Hoping someone could tell me what model/year it is? and also if I will be ruining something that is vintage/collectible. From what I have read most people think these things are ugly but my fiance and I both love it'


----------



## begreen (Aug 24, 2013)

It is a tank and yes, they really heat, while eating a lot of wood in the process. Basically it's a welded steel barrel stove. They are pretty common, usually with a window to see the burn. There's no antique value that I know of. Check with your local authority to see if this stove is still permissible to burn in CA. In OR and WA it is not.


----------



## primus (Aug 24, 2013)

Hi Begreen, I will be burning this stove outside as the firebox for an Offset BBQ Smoker.

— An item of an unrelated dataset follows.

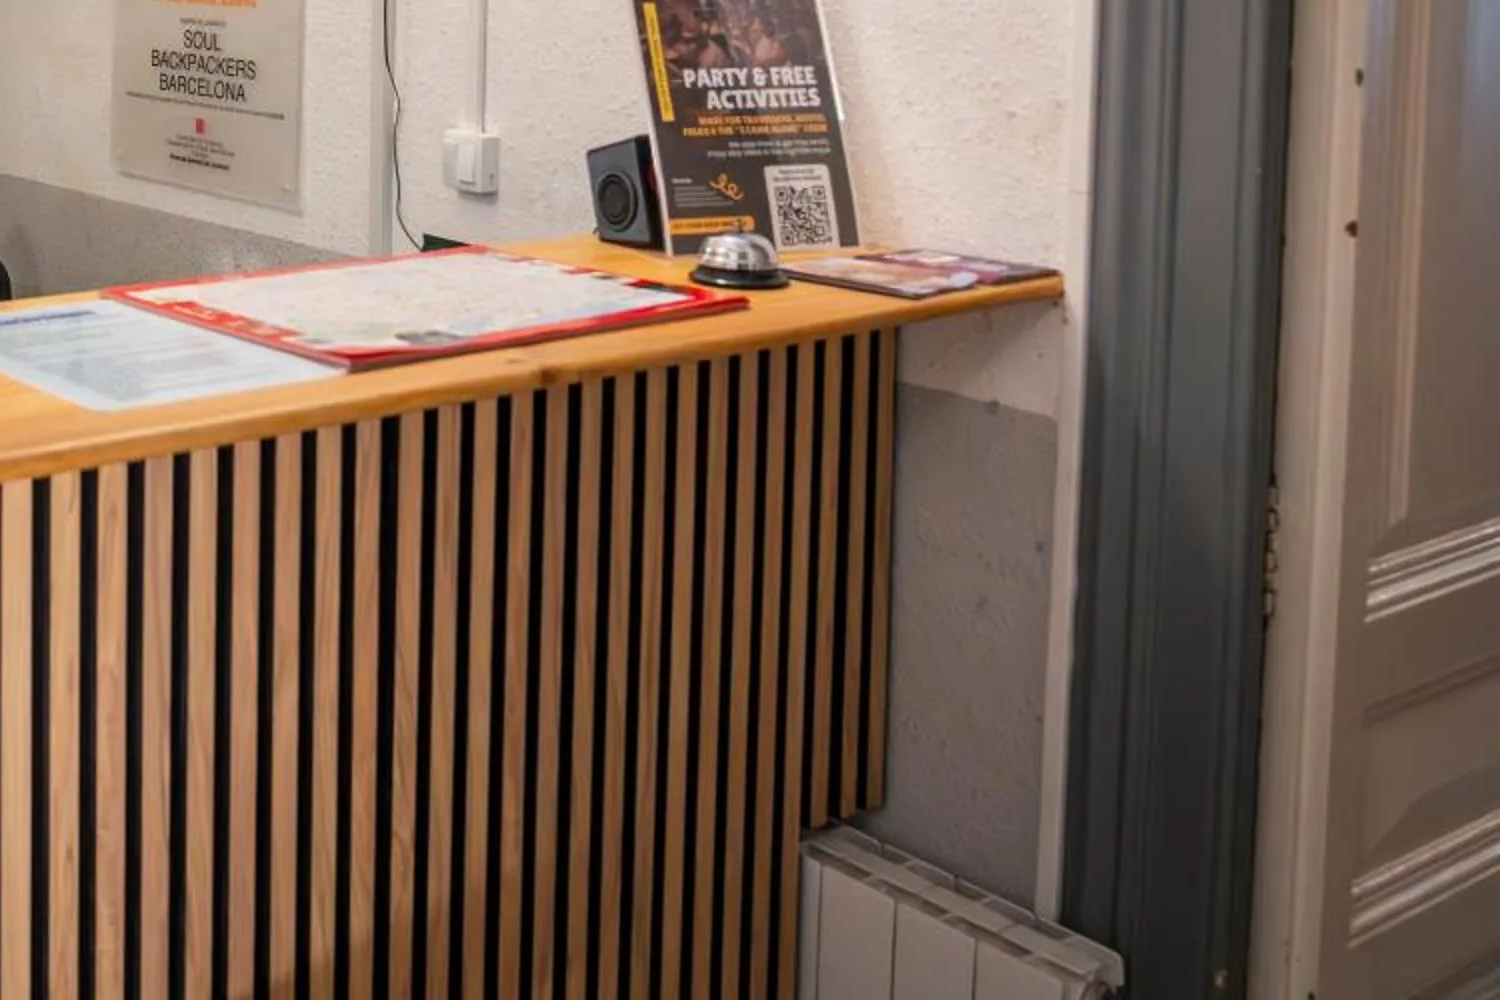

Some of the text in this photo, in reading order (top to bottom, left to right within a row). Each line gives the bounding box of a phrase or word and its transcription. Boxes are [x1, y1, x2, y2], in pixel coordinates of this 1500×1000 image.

The idea is to get the smoke  and heat out of the wood stove and into the cook chamber.. If you look at the second pic you can see the compressor tank that stove will be attached to.


----------



## primus (Aug 24, 2013)

I also wanted to ask if I need to put in a bottom grate or firebrick to burn the wood on?


----------



## BrotherBart (Aug 24, 2013)

For a smoker a low grate would be a good idea. That sucker should make a great firebox for a smoker. A little classier than my redneck meat smoker.


----------



## primus (Aug 24, 2013)

BrotherBart that smoker is awesome! I passed up a free fireproof file cabinet awhile back and now I am kicking myself!
My Orley has a baffle in front of the chimney outlet and I am wondering if I will need to cut it out for better heat flow?


----------



## BrotherBart (Aug 25, 2013)

Leave the baffle in. It will hold down flame getting into the smoker box.


----------